Tuesday, 4 September 2018
Note that the trough is the same, so the curve shape has got worse.
I note they are only allocating a peak of 1GW to electric vehicles, which at 3kW per vehicle is only 330,000 vehicles, or 1% of the present vehicle population.
Most of the peak increase will come, they say, from heat pumps. Storage of heat is relatively easy and cheap, all you need is a larger hot water tank. These are common in biomass heating systems.
How do we publicise the vital necessity for domestic load shifting, awareness of which needs to accelerate now to meet future demands?
At the moment it's just word of mouth, so keep on telling people about it!
Tuesday, 14 August 2018
Here's a heat wave worth looking at!
Air conditioning uses over 30% of the peak electricity on a hot day in California - and by time-shifting the cooling using stored ice, in some buildings the peak can be completely ironed out.
What's more, the air conditioning capacity needed is reduced, as it's working for longer to produce the same amount of cooling.
As air conditioning becomes more prevalent in UK and Europe, this is becoming an increasingly relevant way to avoid peaks in summer.
Conversely, in winter, if we are to use electricity for heating, it will become worthwhile to store hot water or even steam to reduce peak consumption.
Tuesday, 31 July 2018
One flaw- they suggest that Europe could be supplied from the Sahara desert - but as we know, peak consumption in Europe occurs after dark, and the sun has set even in the sunny Sahara at that time.
All is not lost however - the deserts of USA are still sunny at peak times of European consumption, so all we need is a link from the USA to Europe - see my blog on an Arctic Circle supergrid.

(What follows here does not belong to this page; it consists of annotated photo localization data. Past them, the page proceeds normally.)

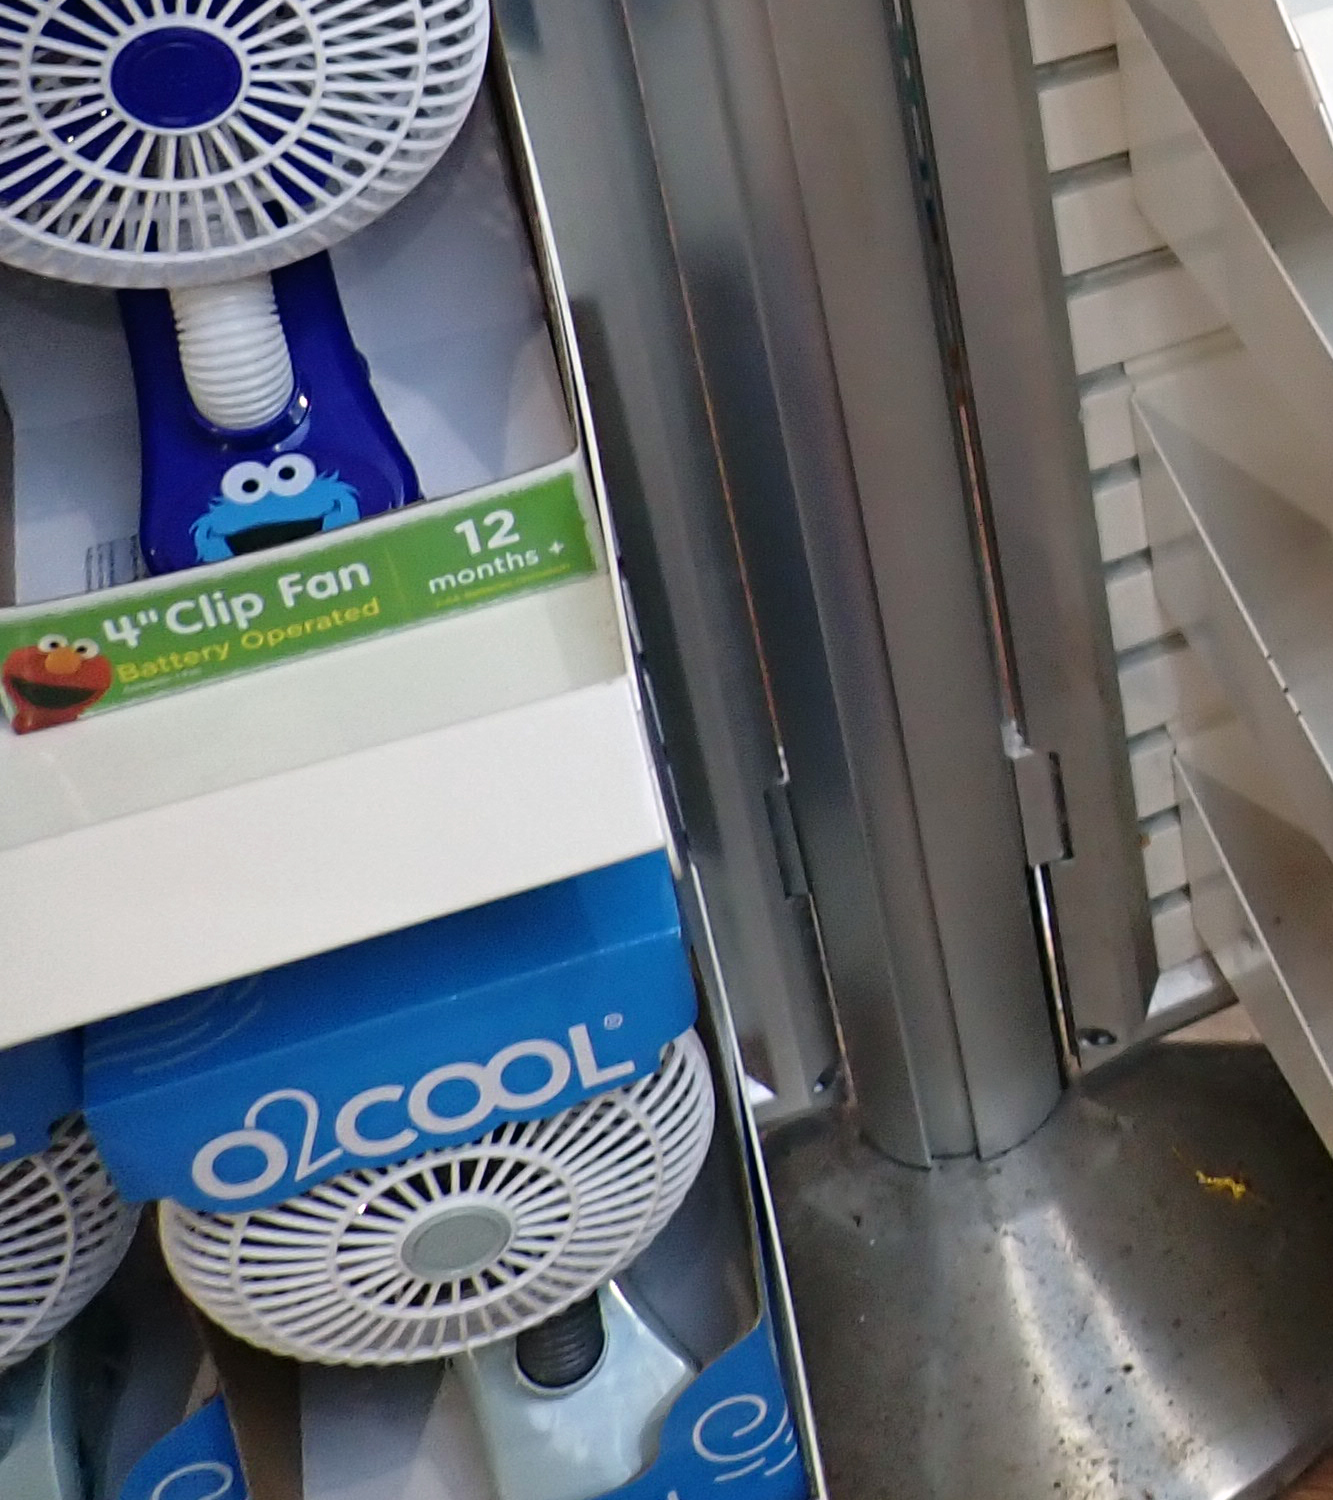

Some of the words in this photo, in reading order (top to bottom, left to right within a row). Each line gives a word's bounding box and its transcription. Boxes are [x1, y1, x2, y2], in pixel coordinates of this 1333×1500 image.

[453, 509, 521, 557] 12
[277, 561, 372, 609] Fan
[428, 549, 540, 595] months
[116, 641, 230, 684] Battery
[240, 597, 382, 650] Operated
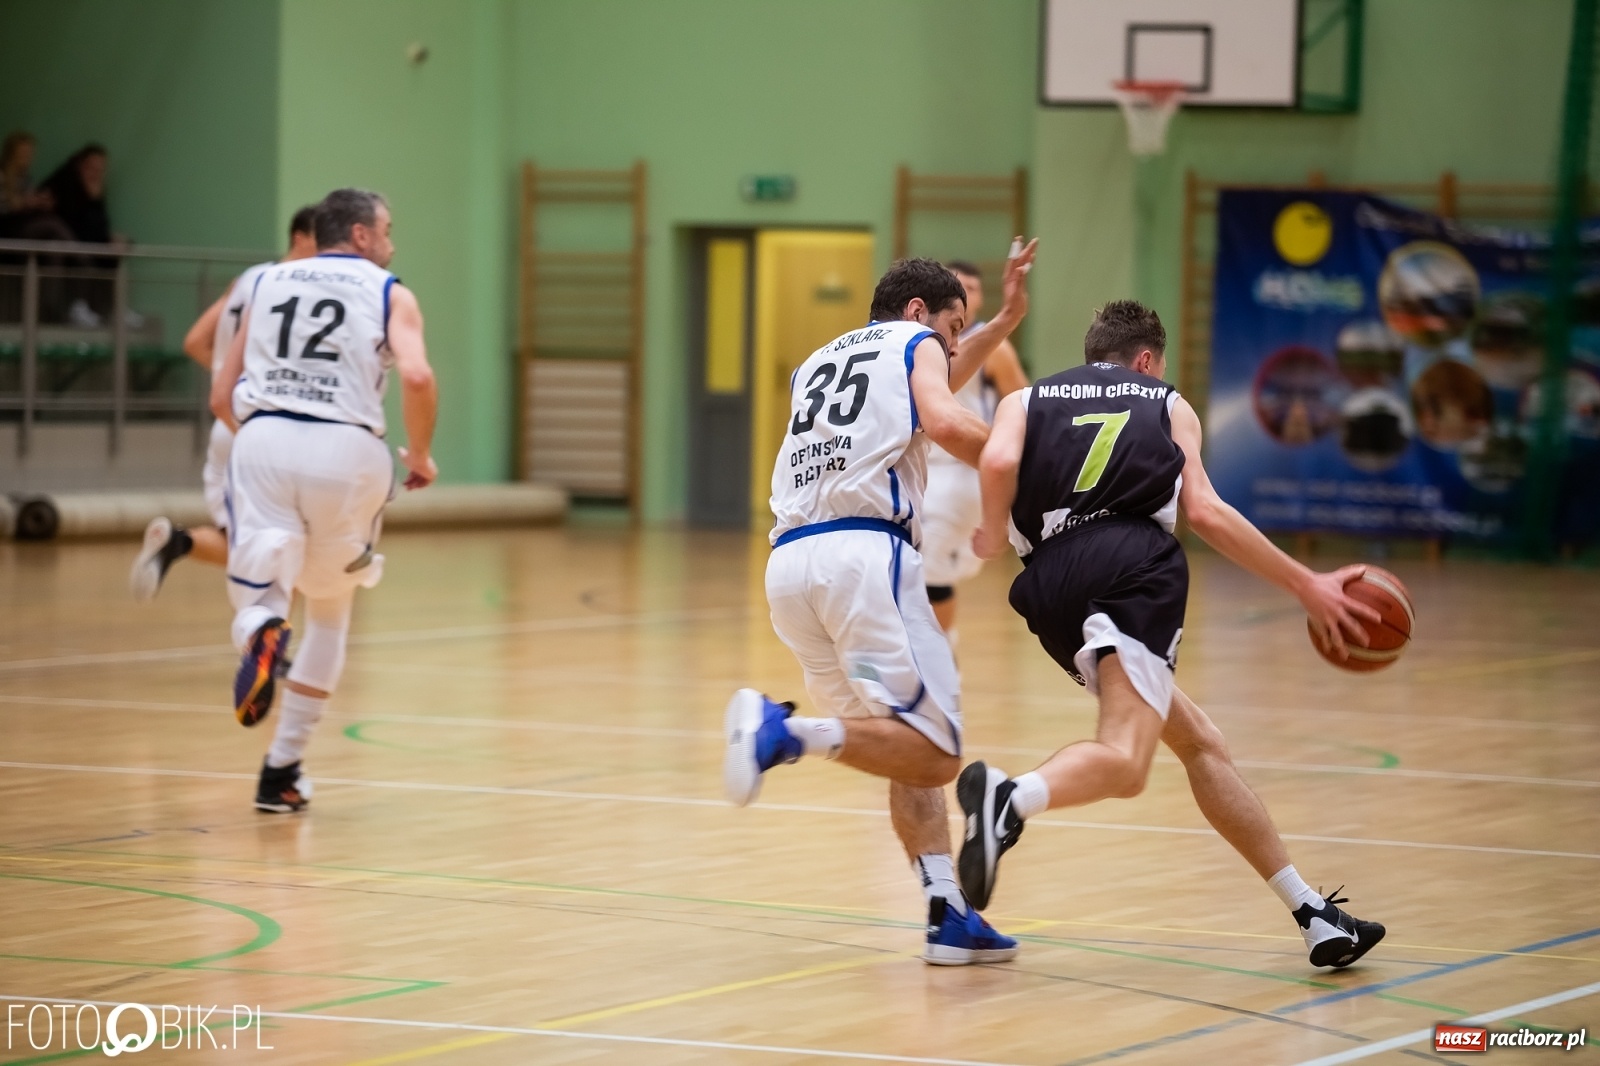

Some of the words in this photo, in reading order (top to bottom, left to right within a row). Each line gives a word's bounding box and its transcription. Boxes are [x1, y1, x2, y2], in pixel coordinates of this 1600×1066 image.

[270, 296, 345, 361] 12
[834, 329, 893, 351] SZKLARZ
[791, 351, 881, 435] 35
[1038, 384, 1102, 399] NACOMI
[1105, 382, 1168, 400] CIESZYN
[1072, 409, 1131, 493] 7

If you don't like the idea of linking the world up like this, then you and the rest of us are going to have to shift a whole lot of consumption out of the after dark peak. Have you told your friends yet?

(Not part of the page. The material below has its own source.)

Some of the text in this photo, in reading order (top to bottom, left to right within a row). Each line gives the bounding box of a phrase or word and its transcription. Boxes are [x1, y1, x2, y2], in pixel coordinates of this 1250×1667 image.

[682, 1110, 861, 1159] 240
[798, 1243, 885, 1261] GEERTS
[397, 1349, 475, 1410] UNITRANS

When I suggest this, people often say storage is the answer - which at the moment is much more costly than nuclear.
So I say Reassess, Reduce, Reschedule!
Monday, 25 June 2018
Salt River Project, or SRP as it is now more commonly known, is an innovative electricity supplier in Arizona USA. They have a wide range of demand-related tariffs, including a time-of-use tariff which has at its most extreme, a factor of three difference between peak and off-peak costs per kWh in July and August.
This highlights the value and in this case the relative ease of substantial time-shifting of air-conditioning. Environmentally conscious Arizonans have a number of options:
- Build houses with high thermal mass as well as high insulation, so that cooling can be done outside of peak times, and advantage can be taken of the large differences between day and night temperatures in desert areas.

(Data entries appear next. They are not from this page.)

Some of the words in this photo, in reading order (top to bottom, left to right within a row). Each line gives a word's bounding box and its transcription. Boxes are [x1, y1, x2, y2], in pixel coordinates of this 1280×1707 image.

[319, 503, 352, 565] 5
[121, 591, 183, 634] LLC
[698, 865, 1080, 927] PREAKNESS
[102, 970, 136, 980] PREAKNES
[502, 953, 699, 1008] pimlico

- Use storage aircon to build up ice as a store of coolness before peak times.
- Start cooling the house well before peak times and tolerate some increase in temperature during the peak.
- Use PV to generate electricity for cooling
Coincidentally, Arizona is where PV can best be generated to meet UK's winter peak, as their solar midday occurs during our evening peak. So the PV they use during their summer could supply our electricity in winter.
If you want to avoid the cost of a Northern hemisphere supergrid to allow this, then shift your time of use and get others to do the same!
Monday, 21 May 2018
Centrica (British Gas to most of us) is going on the offensive with CHP.
It makes sense:
- Their business is selling gas
- The most efficient way to use gas is to produce both heat and electricity
- New gas-fired power stations are decreasingly attractive to them because of the lower load factors in the present energy mix
Do we want gas CHP? It still produces carbon. But how else are we to heat our homes?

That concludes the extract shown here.